I know the large gars and gouramis don't bother plants.


----------



## robinc (Jul 15, 2014)

henningc said:


> I know the large gars and gouramis don't bother plants.


I don't know much about either but I'll check them out. Thanks for the info.


----------



## big b (Jun 28, 2014)

Well it really depends on the type of fish you are looking for. What are you looking for?


----------



## fish fiends (Nov 3, 2015)

We have some beautiful discus and they love to eat our plants. My husband puts lettuce leaves in the tank to satisfy their hunger for greens and to save his plants.


----------



## jccaclimber2 (May 6, 2012)

Two better questions are "Does X species of fish get along with plants" and "Is it a good idea to house a 10" fish in a 90 gallon tank?

If a fish does fine with plants when small it probably will when large, especially if you have 2-3" of substrate or driftwood to root in to. The only peaceful fish plant issue I've seen was an 18" bala shark that would flip out, dart around, and stir up everything in the tank by its swimming. Needless to say this guy wasn't housed in a 90.


----------



## big b (Jun 28, 2014)

Well I meant was" What type of fish are you looking for? Are you looking for a cichlid, or a tetra, or what?" We can then work off of that and give him some ideas.


----------



## robinc (Jul 15, 2014)

Well, I'd like to have Jacks and I'm told I might be able to get away with some sturdy plants and I've looked at builds I think I can come up with a compromise for me and the fish, but really what I want is a medium to heavily planted 75-90 gal tank with largish fish. 

Can you tell I'm also a gardener? 

Here's the deal. Community tanks are nice but they seem like a lot of trouble because of bullying and how many of this and how many of that. I figure two or three bigger fish and plants and you've got a very pretty tank. Another option might be a species tank, although that probably presents a bunch of problems I haven't even thought of.  

Truthfully what I want to do is play with the plants, have pretty fish and have few to no deaths.


----------



## big b (Jun 28, 2014)

I just thought of something you may like. How about some angelfish? You could do about 6-8 I think. I may be wrong with the number of angels. I'm not an angelfish expert


----------



## robinc (Jul 15, 2014)

big b said:


> I just thought of something you may like. How about some angelfish? You could do about 6-8 I think. I may be wrong with the number of angels. I'm not an angelfish expert


I don't know much about Angel Fish either but they are certainly pretty and while I don't think they get huge they are a nice size that you could still see them around the plants. 

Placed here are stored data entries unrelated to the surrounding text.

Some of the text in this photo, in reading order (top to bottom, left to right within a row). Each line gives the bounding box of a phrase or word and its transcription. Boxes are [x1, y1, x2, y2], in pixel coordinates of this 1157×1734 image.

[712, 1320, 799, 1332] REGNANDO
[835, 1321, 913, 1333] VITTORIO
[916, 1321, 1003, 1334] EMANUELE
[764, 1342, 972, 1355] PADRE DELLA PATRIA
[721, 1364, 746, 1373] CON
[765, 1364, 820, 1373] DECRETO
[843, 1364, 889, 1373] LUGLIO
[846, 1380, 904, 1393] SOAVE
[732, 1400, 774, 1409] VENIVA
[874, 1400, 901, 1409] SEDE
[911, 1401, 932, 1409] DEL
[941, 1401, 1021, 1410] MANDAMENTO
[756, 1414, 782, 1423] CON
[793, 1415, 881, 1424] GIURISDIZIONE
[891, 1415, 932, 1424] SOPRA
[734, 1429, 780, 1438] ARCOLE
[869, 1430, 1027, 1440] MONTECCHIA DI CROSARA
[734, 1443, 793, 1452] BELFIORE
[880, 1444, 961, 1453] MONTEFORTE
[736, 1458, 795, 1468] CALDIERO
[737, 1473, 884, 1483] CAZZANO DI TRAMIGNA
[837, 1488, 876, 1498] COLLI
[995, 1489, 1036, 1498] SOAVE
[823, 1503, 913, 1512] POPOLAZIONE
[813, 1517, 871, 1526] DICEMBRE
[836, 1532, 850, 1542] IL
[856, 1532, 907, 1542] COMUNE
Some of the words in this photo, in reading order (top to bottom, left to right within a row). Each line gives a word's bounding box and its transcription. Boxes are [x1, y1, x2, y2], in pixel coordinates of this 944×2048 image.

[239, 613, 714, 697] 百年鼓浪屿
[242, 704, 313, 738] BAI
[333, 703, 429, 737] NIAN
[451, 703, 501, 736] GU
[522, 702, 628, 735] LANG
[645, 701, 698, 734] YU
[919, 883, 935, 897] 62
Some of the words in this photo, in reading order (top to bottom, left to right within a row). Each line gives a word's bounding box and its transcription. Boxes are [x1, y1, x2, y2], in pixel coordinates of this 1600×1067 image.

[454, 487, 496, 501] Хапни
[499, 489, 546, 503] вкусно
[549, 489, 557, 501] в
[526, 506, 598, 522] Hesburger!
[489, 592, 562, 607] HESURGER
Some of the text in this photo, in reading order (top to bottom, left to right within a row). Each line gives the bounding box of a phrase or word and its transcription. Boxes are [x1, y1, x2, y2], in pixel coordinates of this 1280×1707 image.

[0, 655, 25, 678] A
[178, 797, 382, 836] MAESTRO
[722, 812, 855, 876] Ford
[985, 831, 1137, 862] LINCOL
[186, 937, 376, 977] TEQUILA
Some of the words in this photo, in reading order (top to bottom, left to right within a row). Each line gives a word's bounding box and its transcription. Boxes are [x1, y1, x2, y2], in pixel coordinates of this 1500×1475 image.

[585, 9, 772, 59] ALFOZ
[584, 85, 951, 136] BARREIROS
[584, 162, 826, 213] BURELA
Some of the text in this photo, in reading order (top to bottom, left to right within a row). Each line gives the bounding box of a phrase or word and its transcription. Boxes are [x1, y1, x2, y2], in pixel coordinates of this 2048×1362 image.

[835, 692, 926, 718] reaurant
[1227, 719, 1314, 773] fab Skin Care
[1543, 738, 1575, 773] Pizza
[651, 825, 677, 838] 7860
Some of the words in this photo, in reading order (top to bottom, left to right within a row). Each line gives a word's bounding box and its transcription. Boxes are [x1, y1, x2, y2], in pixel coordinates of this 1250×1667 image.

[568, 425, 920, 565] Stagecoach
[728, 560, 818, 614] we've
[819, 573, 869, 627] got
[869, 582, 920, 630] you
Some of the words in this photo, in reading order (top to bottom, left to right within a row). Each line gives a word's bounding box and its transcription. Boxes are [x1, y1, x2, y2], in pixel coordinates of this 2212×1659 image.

I'll have to check into them as well. Thanks.


----------



## Summer (Oct 3, 2011)

Angels would def. be a great option. Also look into rams, while not a large fish they are a bit fuller bodied and very very pretty


----------



## robinc (Jul 15, 2014)

Summer said:


> Angels would def. be a great option. Also look into rams, while not a large fish they are a bit fuller bodied and very very pretty


Thanks I'm making a list!


----------



## jccaclimber2 (May 6, 2012)

I've never found jack's to be attractive and as big bodied fish they can be a bit high on load (think plecos but worse). I don't feel the tank is big enough for roselines so:

Angels, rams, or rainbows for the big guys. Plan for a group of 6 for the angels or rams, start them young. You could probably push higher with the rainbows. Neons, cards, rummy nose, or bloodfin for the small guys. I'd plan to ramp up to 2 dozen of the small guys (all the same species) and see how you like it. Throw in 6-12 zebra danios to keep things interesting.

If all goes well and your parameters are under control add a dozen of a different small tetra or a dozen warmer water cory cats.

I'm also a gardener who uses fish to add movement to the tank, look around my past posts for pictures and you'll see what I mean.


----------



## big b (Jun 28, 2014)

If you do go with angels, then don't get neons or zebra danios. Angels eat neons, and zebra danios will nip the fins of angels.


----------



## jccaclimber2 (May 6, 2012)

big b said:


> If you do go with angels, then don't get neons or zebra danios. Angels eat neons, and zebra danios will nip the fins of angels.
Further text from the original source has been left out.